Sounds like you did it just right! "Comforting" doesn't really help a puppy either. I have a low, sleepy, slow growling sound I use that usually speeds up the settling down for the puppies. After that the most sound we make is maybe turning over in bed and making some soft sounds with the bed covers. I think maybe also it might help that soon after that, I'm probably snoring.


----------



## LilyMyLove (Jul 11, 2009)

Its funny, I think Lily actually prefers her crate now. She will want to come up on the bed while I read, but when I turn the lights off, she wants to get down and snuggle up in her crate. 

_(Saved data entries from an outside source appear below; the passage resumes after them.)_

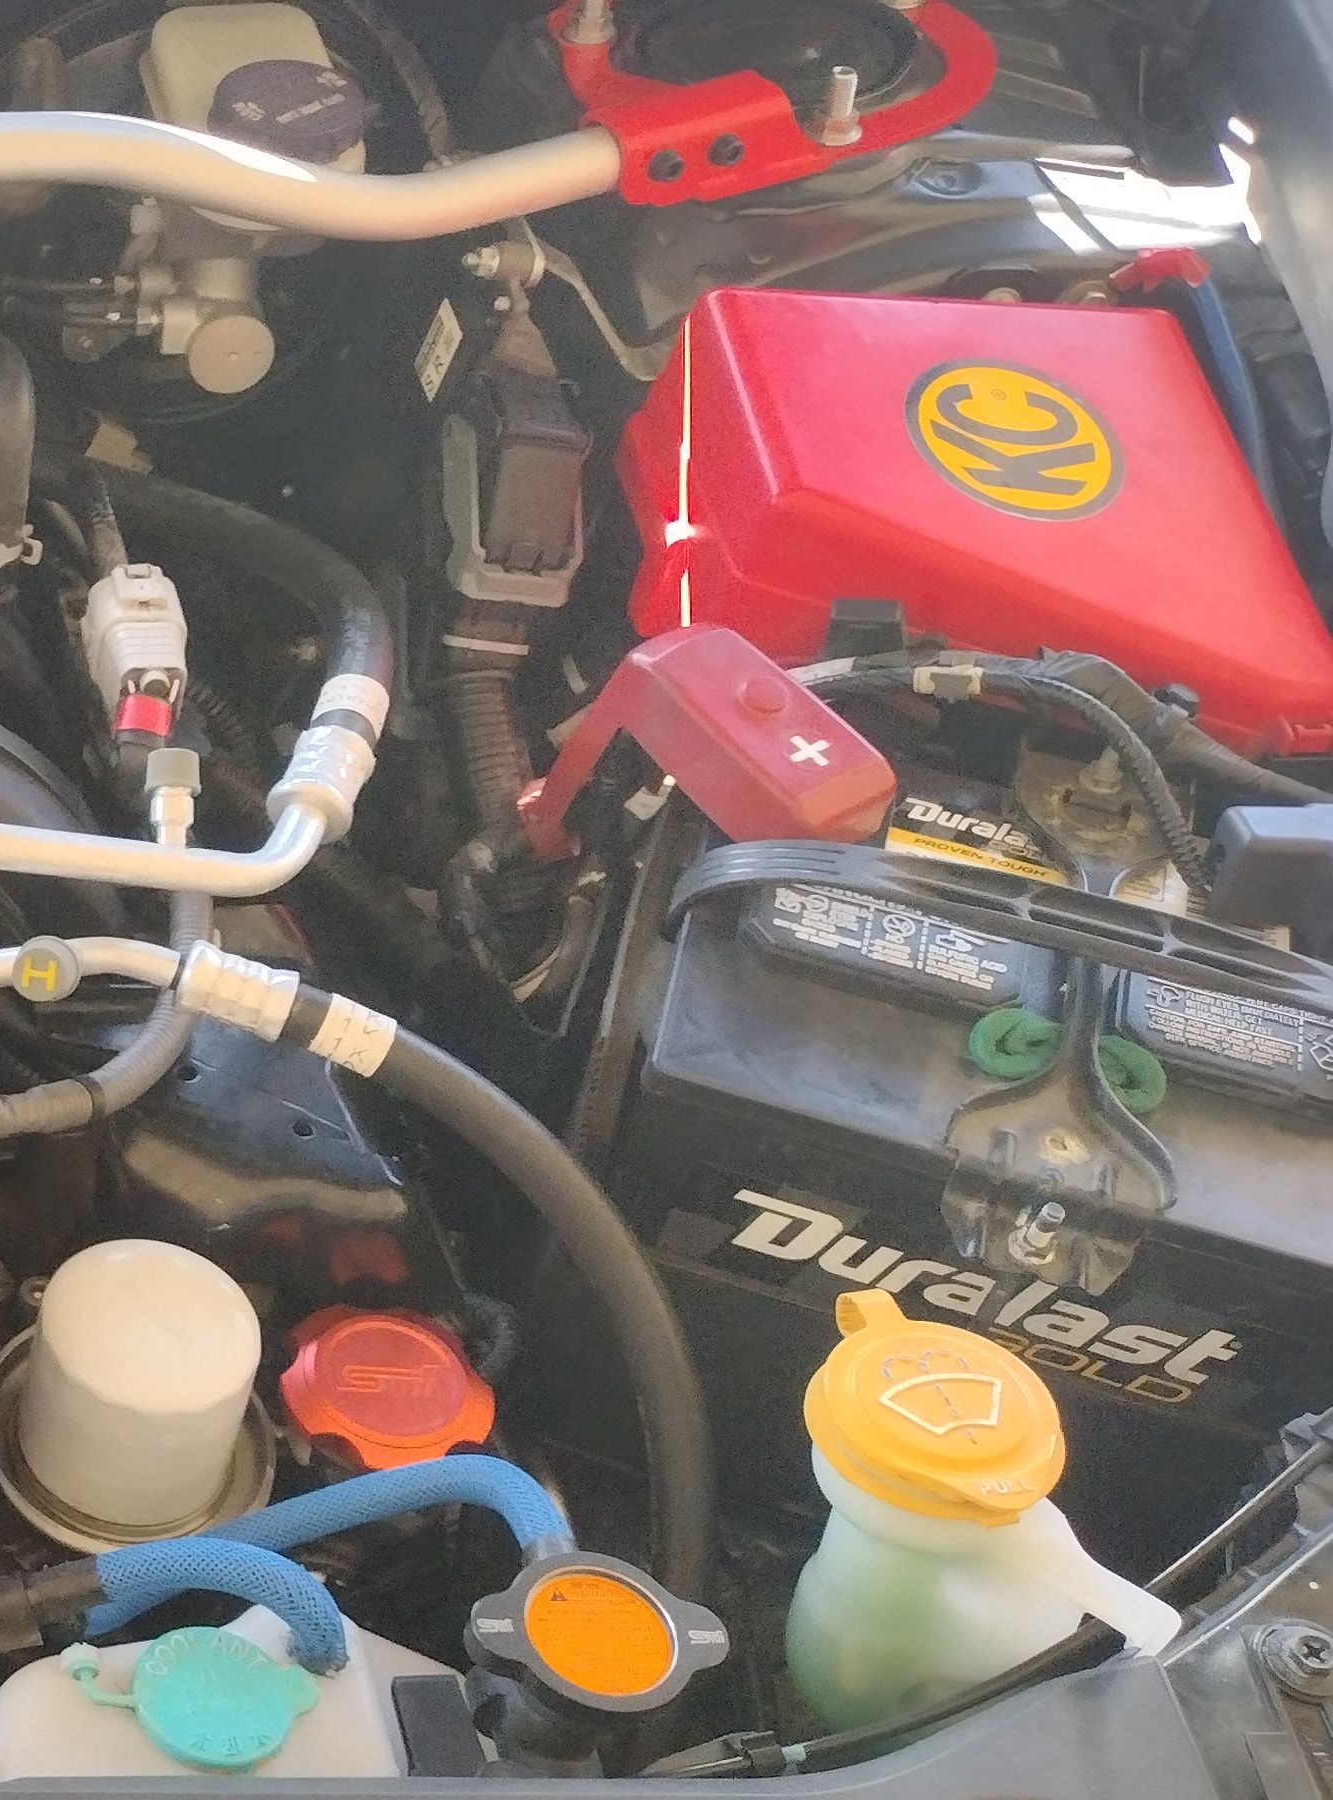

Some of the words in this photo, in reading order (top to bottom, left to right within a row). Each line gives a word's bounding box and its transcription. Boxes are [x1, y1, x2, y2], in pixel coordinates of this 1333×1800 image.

[930, 384, 1096, 496] KC
[913, 838, 983, 859] PROVEN
[989, 857, 1047, 877] TOUGH
[21, 954, 58, 992] H
[732, 1189, 1238, 1383] Duralast
[979, 1479, 1036, 1496] PULL
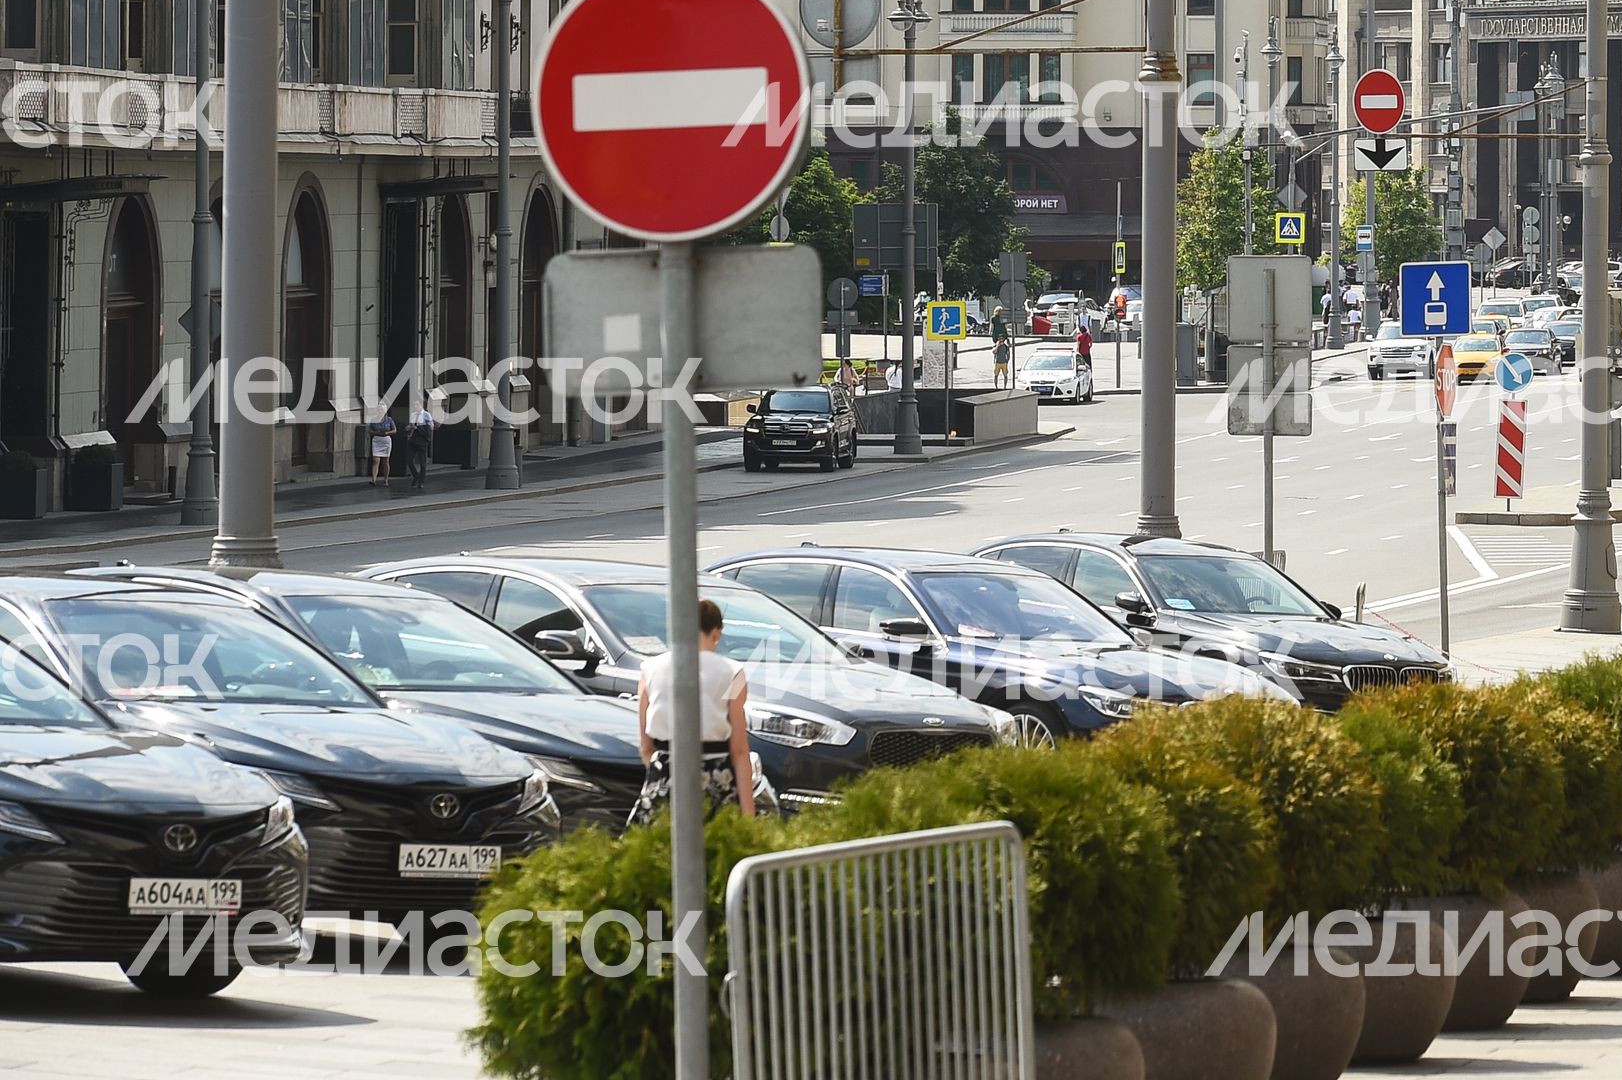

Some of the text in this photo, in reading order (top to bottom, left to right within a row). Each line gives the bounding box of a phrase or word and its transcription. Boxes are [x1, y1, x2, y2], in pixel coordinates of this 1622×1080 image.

I have insomnia and am a light sleeper so it works for me, although some times I wish she wanted to cuddle at bedtime...I think I should just be glad she likes it so much, as I worked hard at it in the beginning.


----------



## ls-indy (Apr 10, 2008)

We also have Daisy and Beau's crates in our bedroom. We tell them "time to go to bed" and they jump off our bed and go to their crates....sometimes they go directly into their crates when we walk into the bedroom. They don't seem to even notice if one of us gets up in the middle of the night.... 

We kept it all "matter of fact" telling them "time to go to bed" and did not sympathize etc about it. We do the same thing when we leave the house: keep it very matter of fact and tell them "we have to go bye bye for a little bit. Be good doggies." and they seem to accept that as well.

Just a matter of getting the accustom to a routine I guess.


----------



## luv3havs (Jul 27, 2007)

Lynda,
We have all 3 crates in our room now. We still have to "put" Finnegan and Chico in, but Cali is like your two, and goes in all by herself. You are right, the routine and matter-of-fact attitude seem to help in general.

We do the same when we leave the house. They are not in crates, but in their favorite spots in the kitchen. We say "bye, we'll be back later, take care of the house".

Now, if we should take only one or two out and leave one, we do hear indignant barking when we are outside. I'm sure it subsides after awhile.


----------



## Pixiesmom (Jul 31, 2008)

I'm glad that the crate transition was a smooth one. My two have always slept in crates at night. Their bedtime is 9:30-a little Petzlife and in they go!


----------